Other examples of this would be Sierra's VMD (Video and Music Data) format, used in games like Gabriel Knight 2 and Phantasmagoria, or Westwood Studios' VQA format, used in the early Command and Conquer games. These video formats offered very limited video quality, due to the limitations of the machines the games needed to run on. Ghosting and distortion of high-motion scenes, heavy pixelization, and limited color palettes were prominent visual problems. However, each game pushed the technological envelope and was typically seen as impressive even with quality issues. Lower-cost games, often not having the time or budgets to develop their own formats, typically used the then very low resolution AVI and QuickTime formats.

Wing Commander III: Heart of the Tiger, for example, was one of the most significant FMV titles made in 1994, featuring big-name Hollywood actors. However, the video quality in the game suffered significantly from the aforementioned problems and at times was almost visually indecipherable. Yet this did not stop the title from earning significant praise for its innovative gameplay/FMV combination. Its sequel, Wing Commander IV: The Price of Freedom, used a similar custom movie codec in its CD-ROM release, but a later limited-volume DVD-ROM release saw MPEG-2 DVD-quality movies that entirely eclipsed the original CD release in quality. A hardware decoder card was required at the time to play back the DVD-quality video on a PC.

An exception to the rule was The 11th Hour, the sequel to The 7th Guest. 11th Hour featured 640x480 FMV at 30 frames-per-second on 4 CDs. The development team had worked for three years on developing a format that could handle the video, as the director of the live-action sequences had not shot the FMV sequences in a way that could be easily compressed. However, this proved to be the game's downfall, as most computers of the day could not play the full-resolution video. Users were usually forced to select an option which played the videos at a quarter-size resolution in black-and-white.

As FMV established itself in the market as a growing game technology, a small company called RAD Game Tools appeared on the market with their 256-colour FMV format Smacker. Developers took to the format, and the format ended up being used in over 3,000 games.

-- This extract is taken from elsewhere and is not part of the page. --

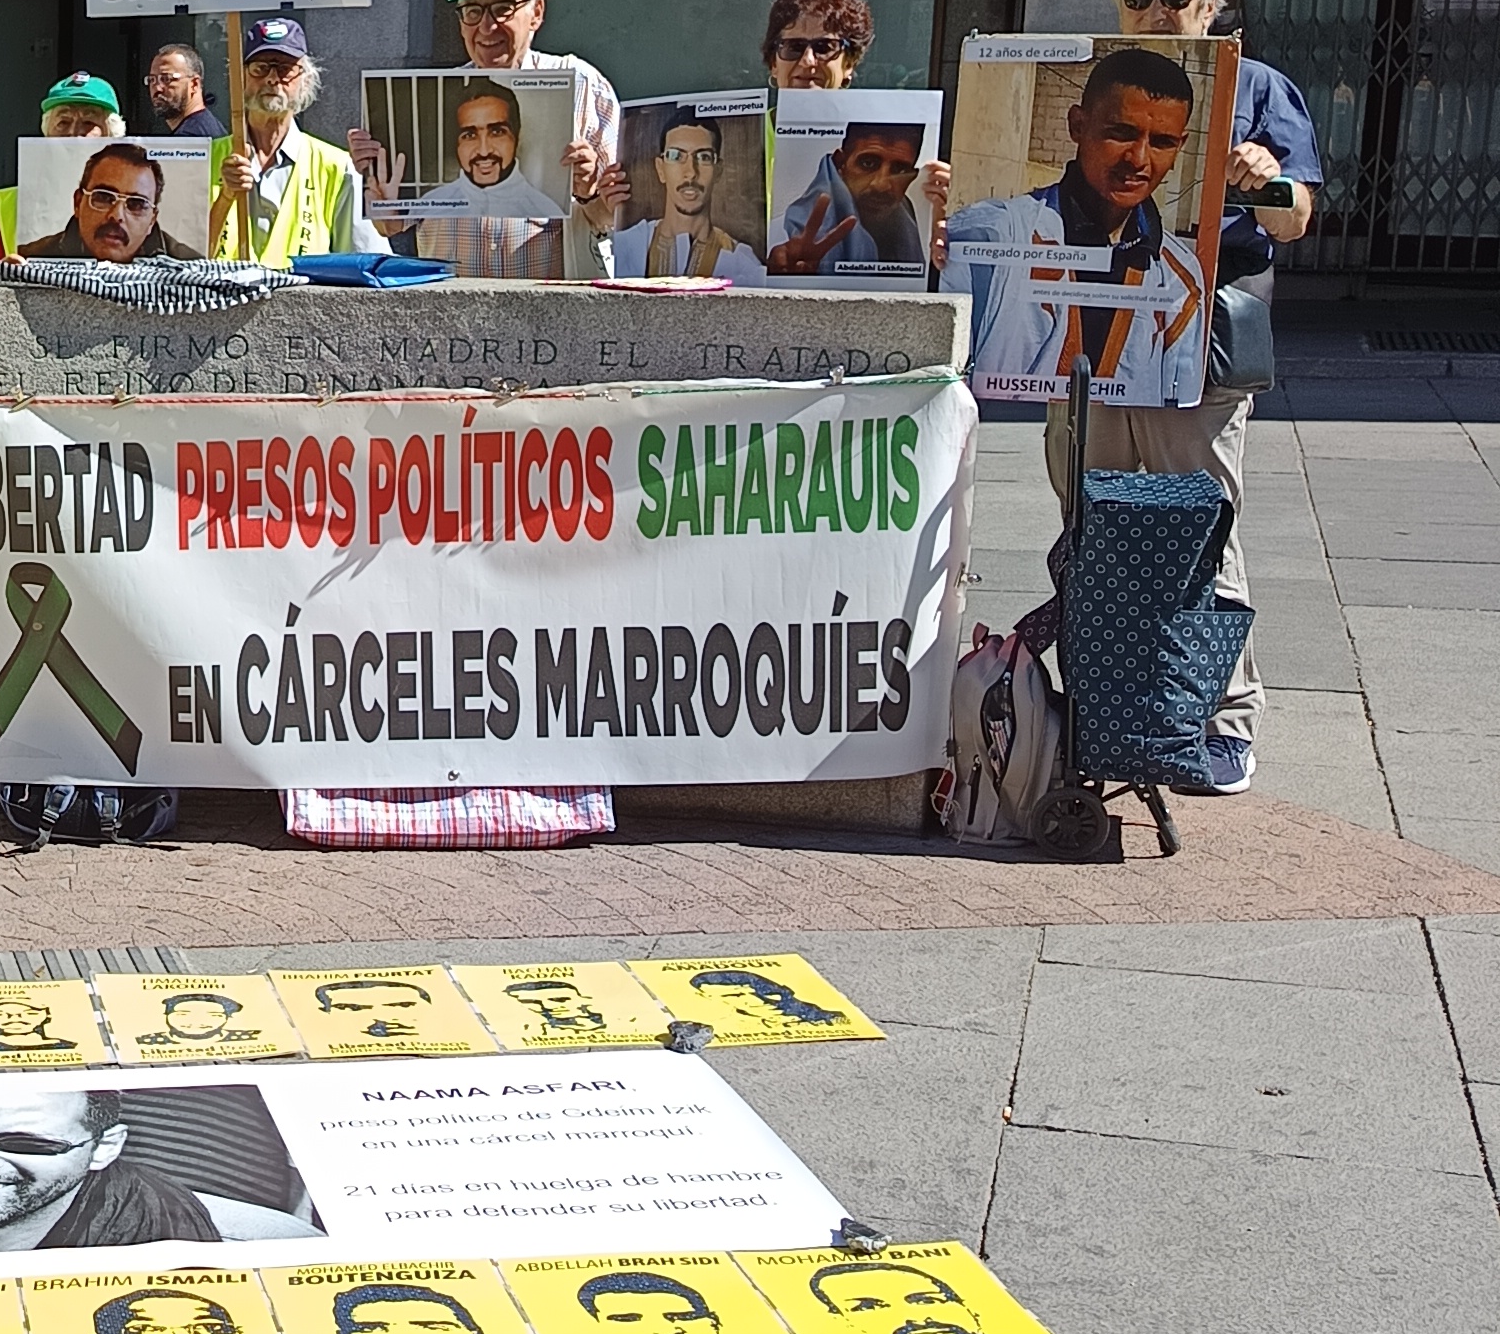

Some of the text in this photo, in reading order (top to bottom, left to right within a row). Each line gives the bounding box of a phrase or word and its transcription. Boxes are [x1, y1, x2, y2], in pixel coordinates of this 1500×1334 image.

As the popularity of games loaded with live-action and FMV faded out in the late 1990s, and with Smacker becoming outdated in the world of 16-bit colour games, RAD introduced a new true-colour format, Bink video. Developers quickly took to the format because of its high compression ratios and optimization for video games. The format is still one of the most popular FMV formats used in games today. 4,000 games use have used Bink, and the number is still growing.

Windows Media Video, DivX, and Theora are also becoming major players in the market. DivX is used in several Nintendo GameCube titles, including Star Wars Rogue Squadron III: Rebel Strike.